All of the data, word for word and free of pictures, is the expected result.

■ Provided material:
==*==
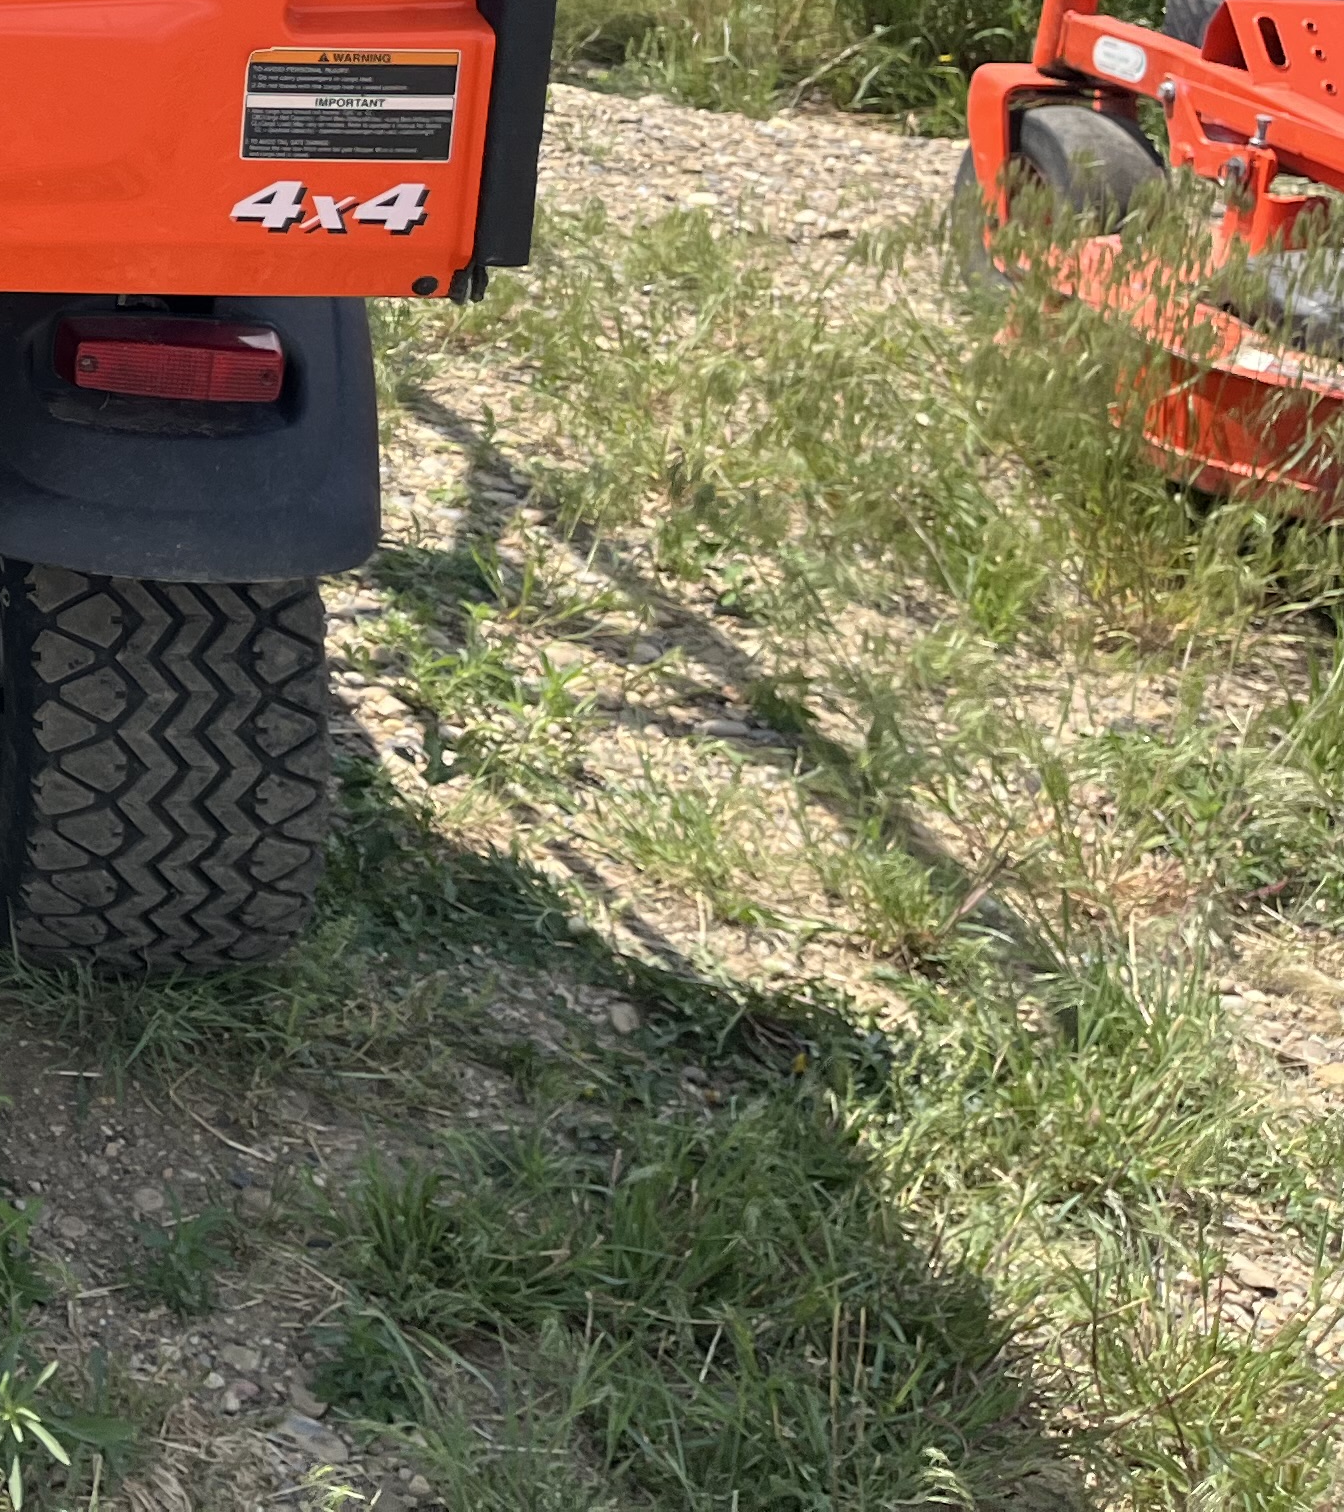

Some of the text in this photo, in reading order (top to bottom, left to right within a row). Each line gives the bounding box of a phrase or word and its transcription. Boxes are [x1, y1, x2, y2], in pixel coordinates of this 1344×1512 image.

[332, 53, 392, 64] WARNING
[314, 97, 386, 108] IMPORTANT
[229, 180, 431, 236] 4x4
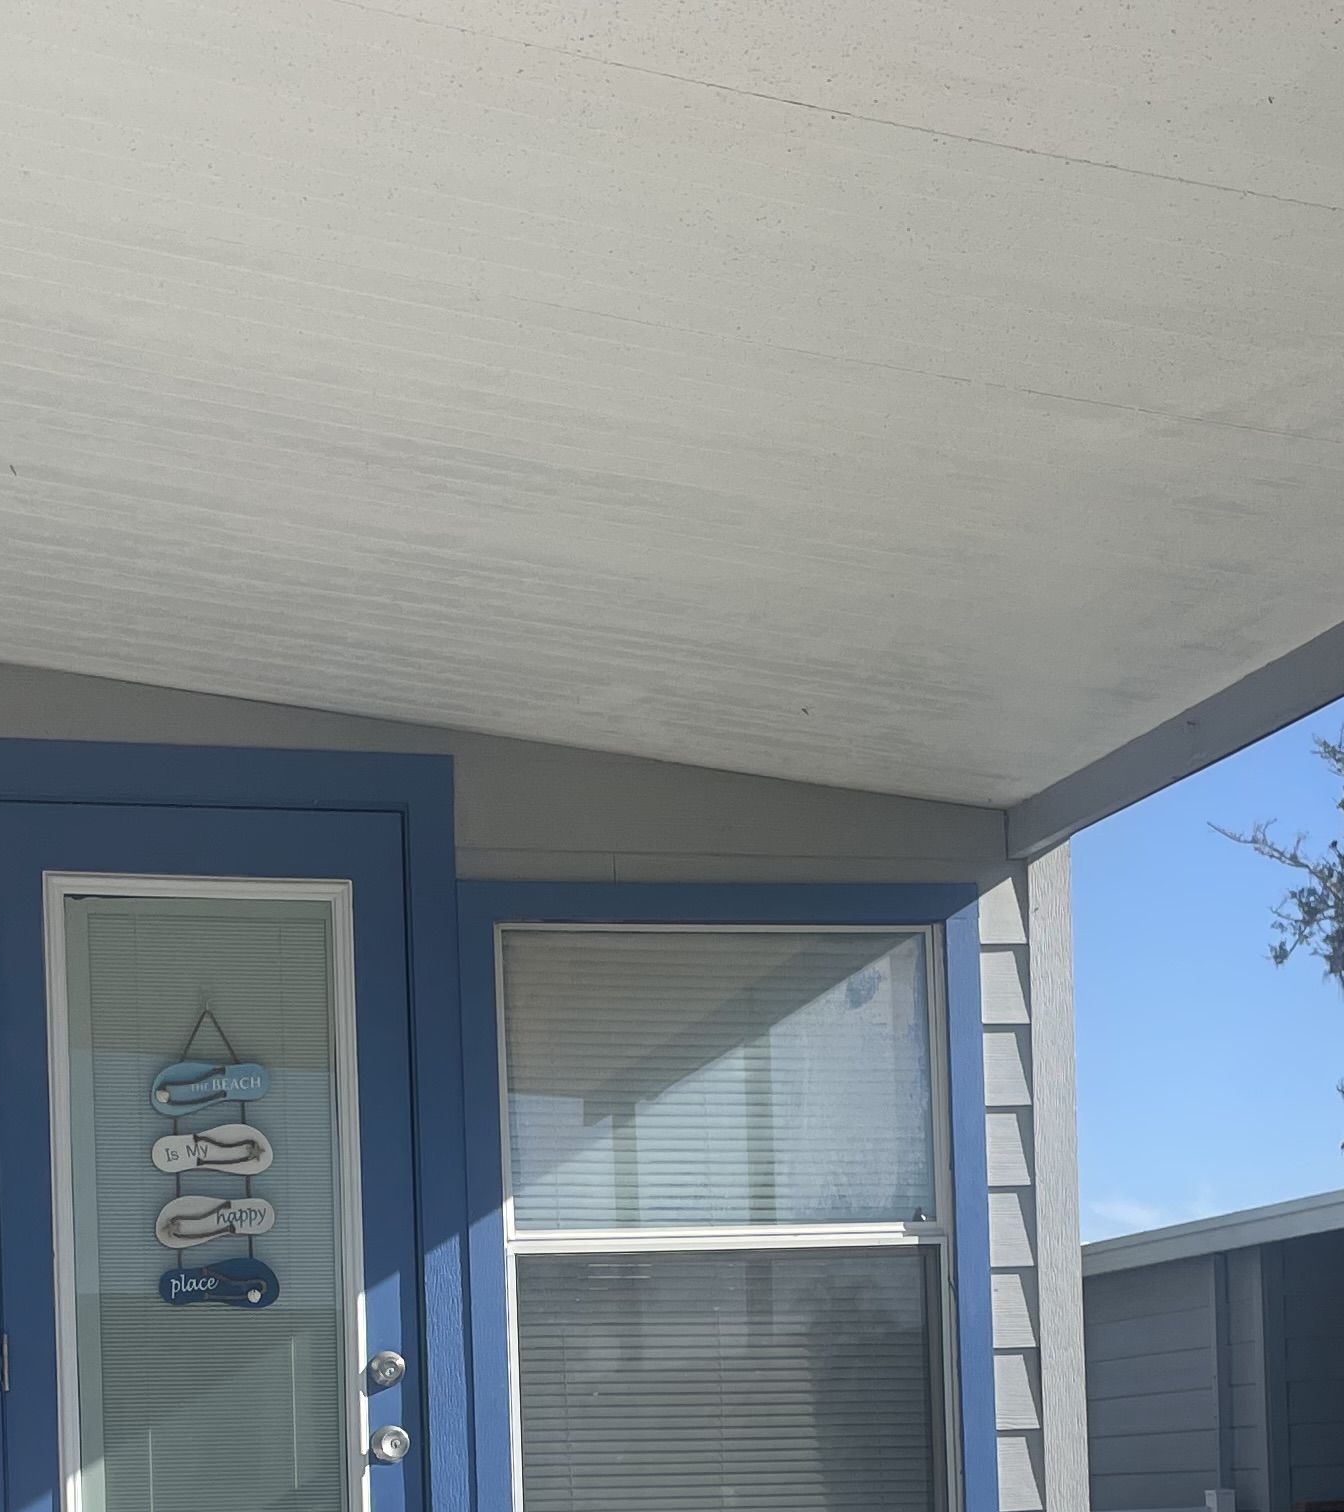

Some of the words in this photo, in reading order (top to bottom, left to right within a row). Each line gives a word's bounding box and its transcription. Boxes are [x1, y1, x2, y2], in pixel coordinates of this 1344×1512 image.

[191, 1082, 209, 1092] THE
[212, 1076, 261, 1091] BEACH
[165, 1148, 179, 1162] Is
[186, 1143, 208, 1158] My
[216, 1207, 266, 1228] happy
[170, 1273, 219, 1299] place
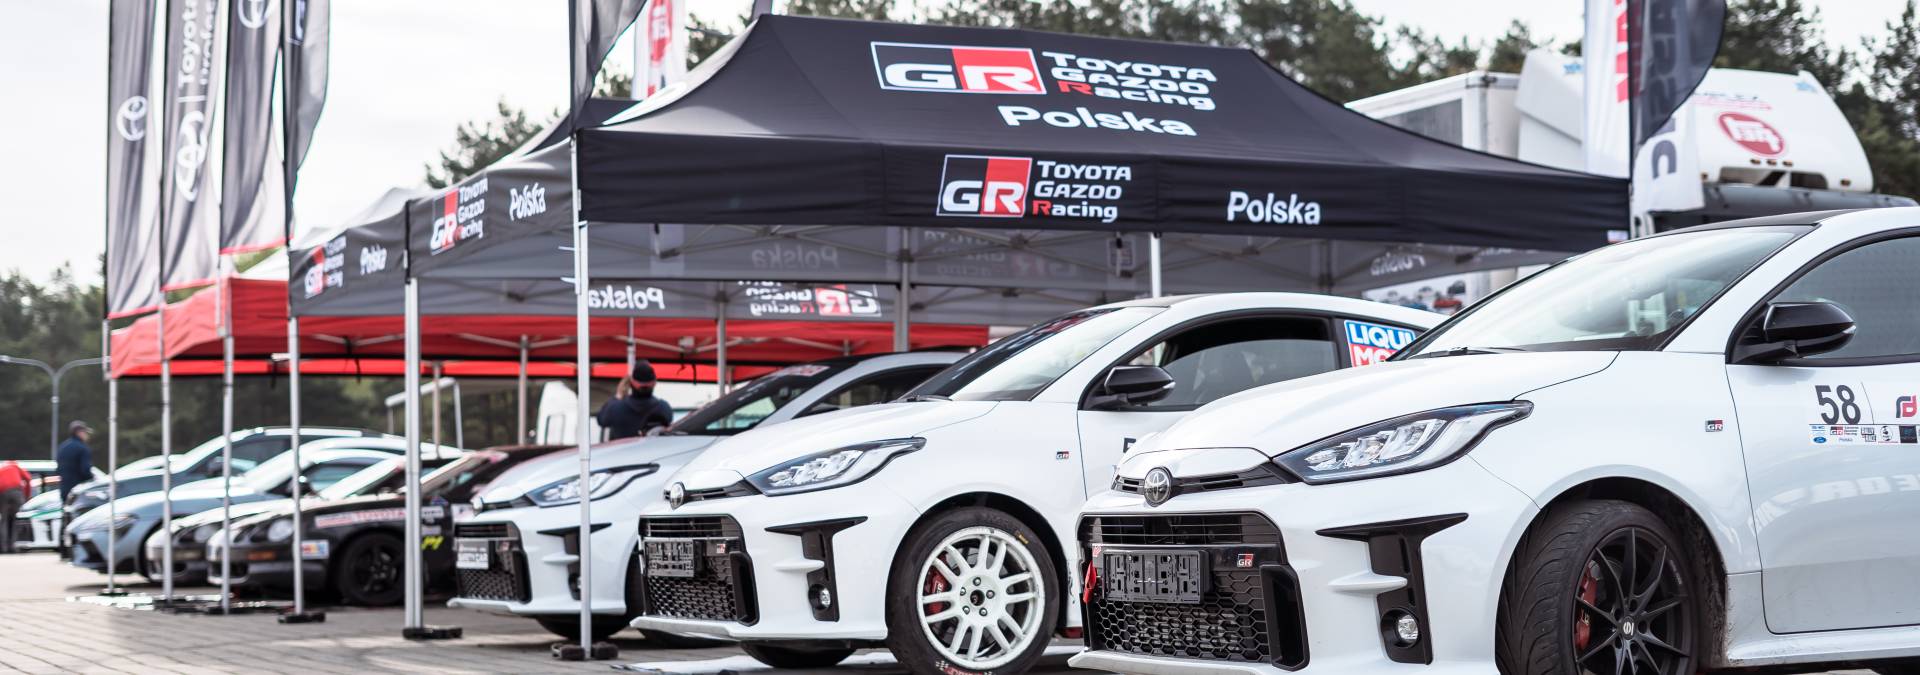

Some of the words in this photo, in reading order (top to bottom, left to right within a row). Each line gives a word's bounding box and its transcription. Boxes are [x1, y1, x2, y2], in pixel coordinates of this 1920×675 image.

[885, 63, 1039, 91] GR
[1042, 51, 1217, 82] TOYOTA
[1051, 67, 1209, 95] GAZOO
[1057, 80, 1216, 111] Racing
[998, 105, 1197, 136] Polska
[1037, 160, 1132, 181] TOYOTA
[459, 178, 488, 204] TOYOTA
[509, 182, 547, 221] Polska
[942, 180, 1025, 213] GR
[1034, 181, 1122, 200] GAZOO
[458, 199, 485, 223] GAZOO
[1032, 200, 1118, 223] Racing
[1226, 191, 1322, 225] Polska
[430, 214, 457, 250] GR
[455, 219, 484, 242] Racing
[1348, 324, 1414, 350] LIQUI
[1815, 385, 1861, 425] 58
[1238, 559, 1252, 567] GR
==*==
■ Answer:
Some of the text in this photo, in reading order (top to bottom, left to right within a row). Each line gives the bounding box of a phrase or word and its transcription. Boxes are [x1, y1, x2, y2], in pixel coordinates of this 1344×1512 image.

[332, 53, 392, 64] WARNING
[314, 97, 386, 108] IMPORTANT
[229, 180, 431, 236] 4x4

Some of the words in this photo, in reading order (top to bottom, left to right within a row). Each line gives a word's bounding box and its transcription. Boxes are [x1, y1, x2, y2], in pixel coordinates of this 1344×1512 image.

[191, 1082, 209, 1092] THE
[212, 1076, 261, 1091] BEACH
[165, 1148, 179, 1162] Is
[186, 1143, 208, 1158] My
[216, 1207, 266, 1228] happy
[170, 1273, 219, 1299] place

Some of the words in this photo, in reading order (top to bottom, left to right within a row). Each line gives a word's bounding box and its transcription. Boxes are [x1, y1, x2, y2], in pixel coordinates of this 1920×675 image.

[885, 63, 1039, 91] GR
[1042, 51, 1217, 82] TOYOTA
[1051, 67, 1209, 95] GAZOO
[1057, 80, 1216, 111] Racing
[998, 105, 1197, 136] Polska
[1037, 160, 1132, 181] TOYOTA
[459, 178, 488, 204] TOYOTA
[509, 182, 547, 221] Polska
[942, 180, 1025, 213] GR
[1034, 181, 1122, 200] GAZOO
[458, 199, 485, 223] GAZOO
[1032, 200, 1118, 223] Racing
[1226, 191, 1322, 225] Polska
[430, 214, 457, 250] GR
[455, 219, 484, 242] Racing
[1348, 324, 1414, 350] LIQUI
[1815, 385, 1861, 425] 58
[1238, 559, 1252, 567] GR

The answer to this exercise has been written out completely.